# Colico Comer See, Tourenvorschläge



## pizzamaennle (9. März 2009)

Servus Bike-Gemeinde,

ein paar Kumpels und ich sind über Ostern am ComerSee in Colico.

Gibt es da unten ein paar Must-Do´s?
Bzw. eher gesagt Must-Bike?

Vielleicht hat ja jemand auch ein paar Tips wo man die beste Pasta bekommt. Vielen Dank schon mal im voraus.

Gruß Simon


----------



## MATTESM (10. März 2009)

servus,
ich hatte dieses jahr in einer gruppe einen passionierten biker aus "dem schönsten dorf der welt". so nannte er seine heimat colico. aufgrund dieser arroganz habe ich ihn mal angepinnt und um tipps für dich gebeten... 

hier in original: 
Ciao Mathias, ecco alcune mie considerazioni da trasmettere agli amici forumendoli tedeschi.

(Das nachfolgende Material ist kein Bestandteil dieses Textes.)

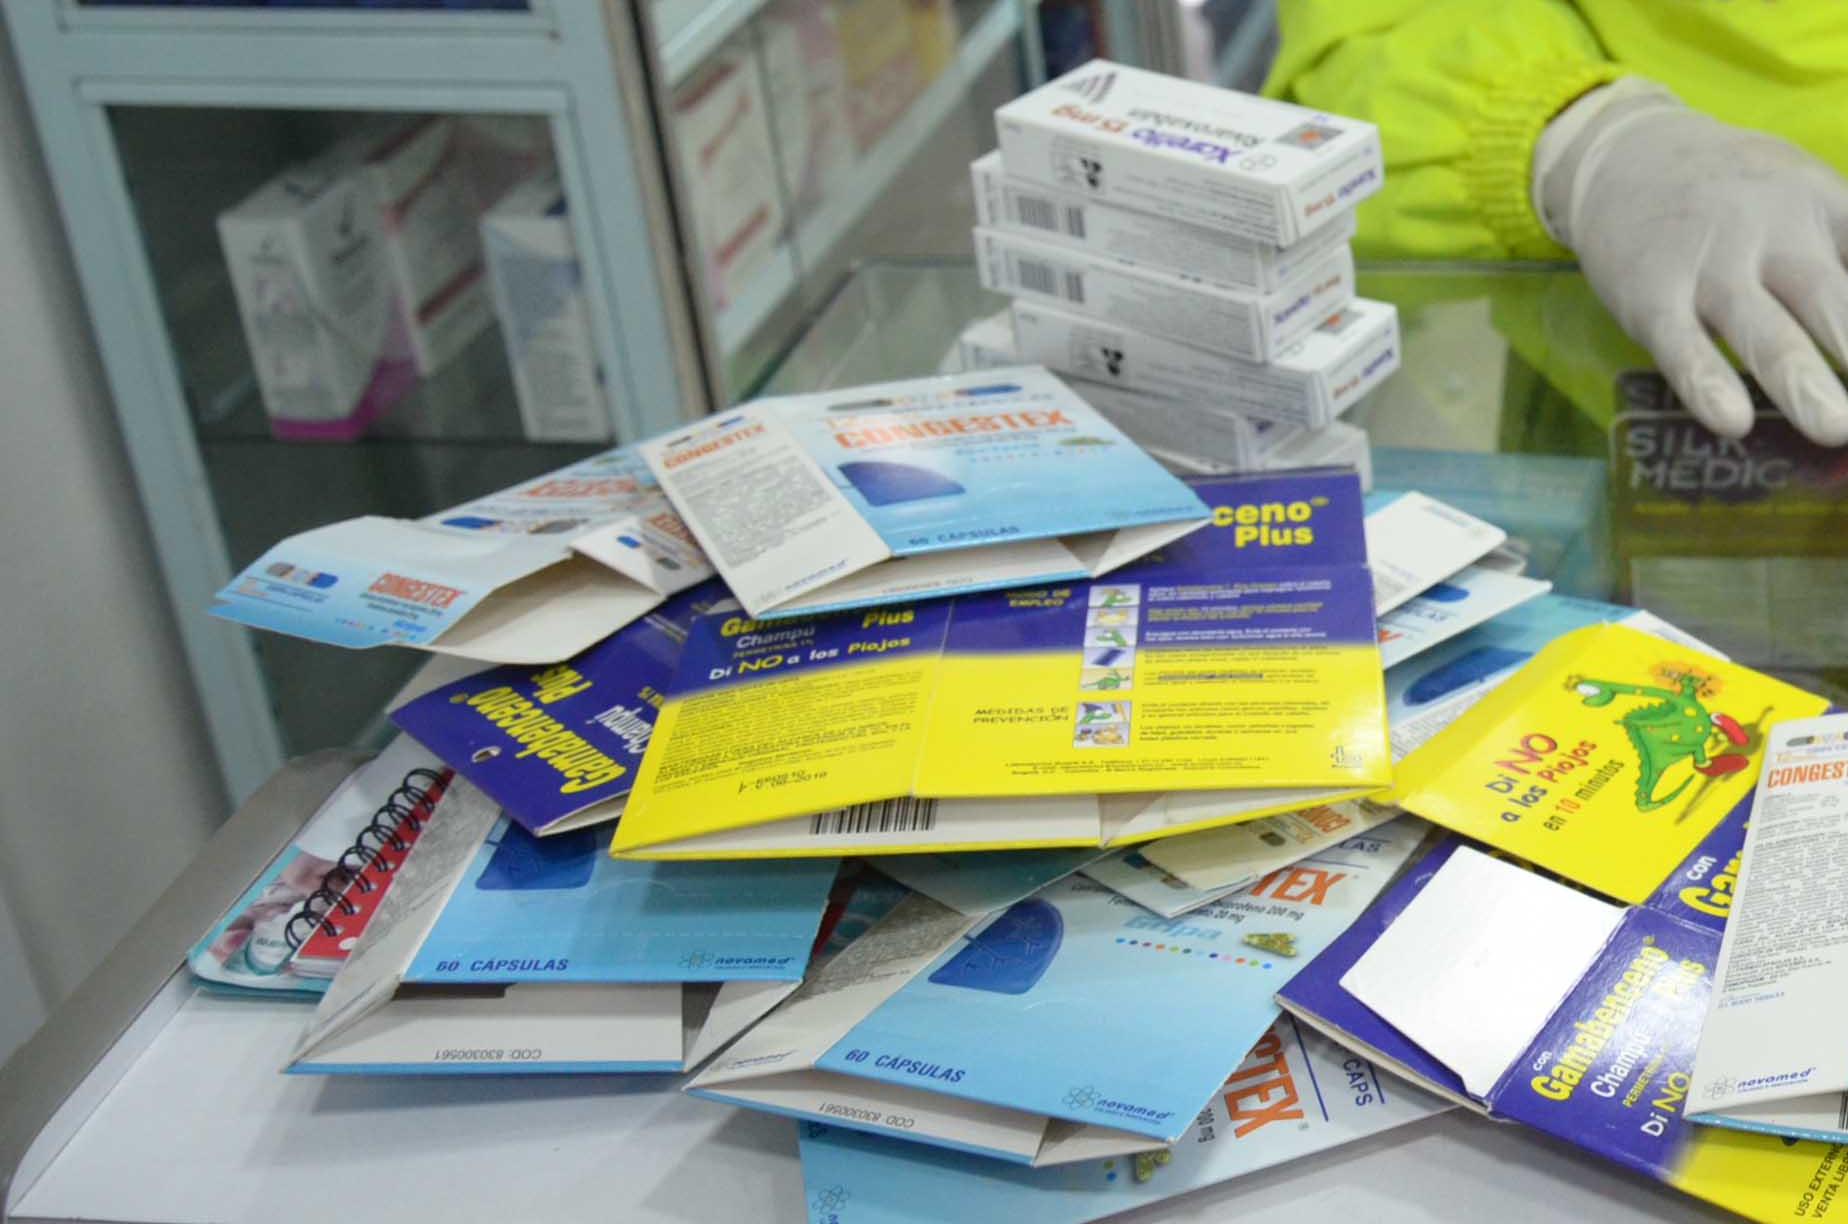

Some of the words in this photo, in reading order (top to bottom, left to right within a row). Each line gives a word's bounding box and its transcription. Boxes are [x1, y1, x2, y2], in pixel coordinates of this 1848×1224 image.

Pasqua cade il 11/12/13 Aprile. Oggi a Colico la neve arriva ancora 800/1000 m di quota. A 1500 m. ci sono ancora 2 metri di neve sui versanti nord e circa 1/1,5 m sui versanti sud. 

ostern fällt dieses jahr auf 11 - 13 april. derzeit reicht der schnee noch bis auf 800/1000 meter runter, auf 1500m hats noch 2 meter schnee auf nord und immerhin einen guten meter auf südseiten. 

Se fa bel tempo (speriamo),si possono fare percorsi brevi come Alpe Rossa (q. 1100), Rusico (q. 800), ma sicuramente il più bello da fare (in estate) è il giro attorno al Monte Legnone (2609m di q) per circa 2500 m. di dislivello di salite impegnative e discese più che adrenaliniche!!. 
wenn es schön werden sollte kann man sicherlich kürzere touren in angriff nehmen wie "Alpe Rossa (1100m), oder Rusico (800m). der schönste trail den mann im sommer hier unbedingt machen sollte ist eine tour zum Monte Legnone, da kommen 2500höhemeter zusammen mit herrlichen abfahrten. (adrenaliniche muss man wohl nicht übersetzen)

Per Pasqua, forse è fattibile il Legnoncino (q.1700) itinerario completo e panoramico (credo anche Giorgio, sia d'accordo), che prevede una salita di circa 1500 m. (allungabile fino a 2000m).

vielleicht kann man ostern ebreits eine sehr asusichtsreiche tour machen, heißt Legnoncino (bis 1700m hoch), da kommt man auf 1500höhenmeter mit diversen varianten auch auf 2000hm. 

Sul Lago di Como (sponda occidentale e orientale), a max 30 km da Colico, ci sono altri itinerari molto panoramici e tecnici (Sant'Amate sopra Menaggio, Monte Galbiga sopra Tremezzo, Triangolo Lariano da Como a Bellagio, Ortanella sopra Varenna, ecc.), 

weitere schöne touren am comer see und max 30 km von colico entfernt: Sant'Amate sopra Menaggio, Monte Galbiga sopra Tremezzo, Triangolo Lariano da Como a Bellagio, Ortanella sopra Varenna, etc. 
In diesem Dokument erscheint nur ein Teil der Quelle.